Katholikos Nerses III. Ischkanetsi (Nerses von Ischkan, 641–662) mit dem Beinamen Schinarar, „der Erbauer“, verlegte 641 seinen Amtssitz von Wagharschapat nach Swartnoz und erteilte um 643[4] oder um 650[5] den Auftrag zum Bau der Kathedrale von Swartnoz, die zu seiner neuen Residenz außerhalb Wagharschapats gehören sollte.[6] Der Ort, an dem die Kathedrale gebaut wurde, lag nach der „Geschichte des Heraklios“ des Sebeos, einem Bischof und Geschichtsschreiber im dritten Viertel des 7. Jahrhunderts, auf dem Weg, den König Trdat zu seiner Begegnung mit dem heiligen Gregor gegangen war. An dieser Stelle waren laut Sebeos dem heiligen Gregor die Engel erschienen, also habe Nerses die Kathedrale Swartnoz genannt. Nerses habe den Fluss in Kanäle zur Bewässerung geteilt, auf dem urbar gemachten Land Weingärten und Obstplantagen angelegt und die Gebäude von einer hohen und schönen Mauer umgeben.[7] Eine ebensolche Erscheinung Gottes in Gestalt des heiligen Gregor, an die zu erinnern der Zweck des Baus sein sollte, stand am mythischen Anfang der Kathedrale von Etschmiadsin. Demnach kam Christus vom Himmel herab und schlug mit einem goldenen Hammer auf den Boden, worauf das Abbild einer Kirche erschien. Das für die Bedeutung des Ortes ursächliche Ereignis ist im Namen Etschmiadsin bewahrt: „Herabgestiegen (etsch) ist der eingeborene Sohn (miadsin).“ Darüber hinaus ist Nerses als Bauherr bezeugt, weil sechs seiner Monogramme in griechischen Schriftzeichen auf Korbkapitellen zwischen ionischen Voluten zu sehen sind.[8]

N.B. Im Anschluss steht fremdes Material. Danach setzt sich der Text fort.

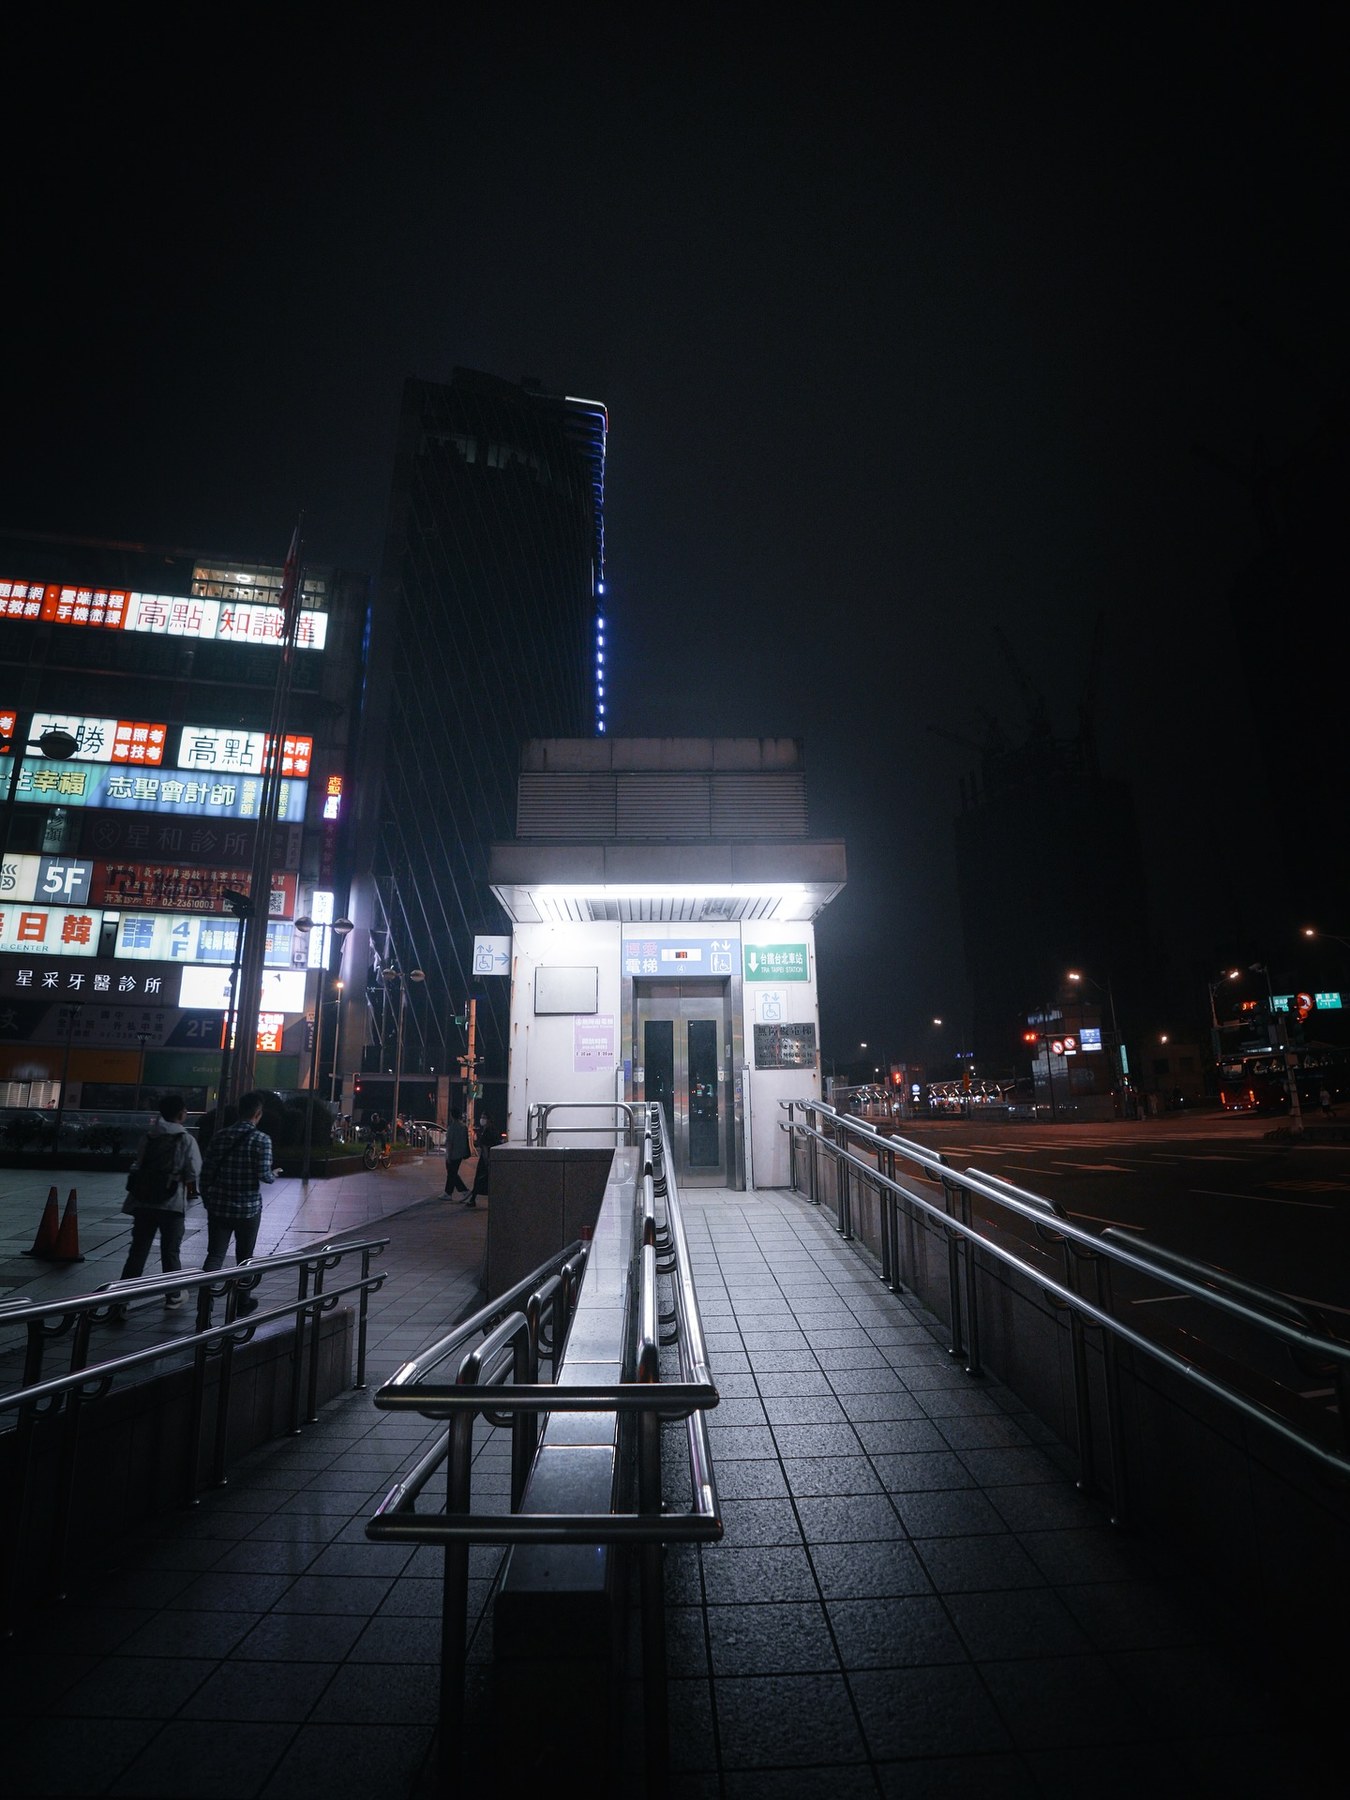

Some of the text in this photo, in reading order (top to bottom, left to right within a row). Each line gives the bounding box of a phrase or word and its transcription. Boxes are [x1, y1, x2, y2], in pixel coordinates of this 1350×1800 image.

Nerses stammte aus der georgischen Provinz Tao und stand durch seinen Aufenthalt in Konstantinopel in jungen Jahren der byzantinischen Baukunst nahe, von der er einzelne plastische Details kopieren ließ. Nach der Chronik des Sebeos, die für das 7. Jahrhundert die wichtigste Quelle zum Verhältnis des byzantinischen und armenischen Christentums darstellt, ging es Nerses nicht speziell um die Übernahme architektonischer Formen, sondern um eine Annäherung an die im Konzil von Chalkedon 451 verankerten Glaubenspositionen der byzantinischen Christen, von denen sich die Armenische Kirche spätestens im Konzil von Dvin 555 endgültig verabschiedet hatte.[9]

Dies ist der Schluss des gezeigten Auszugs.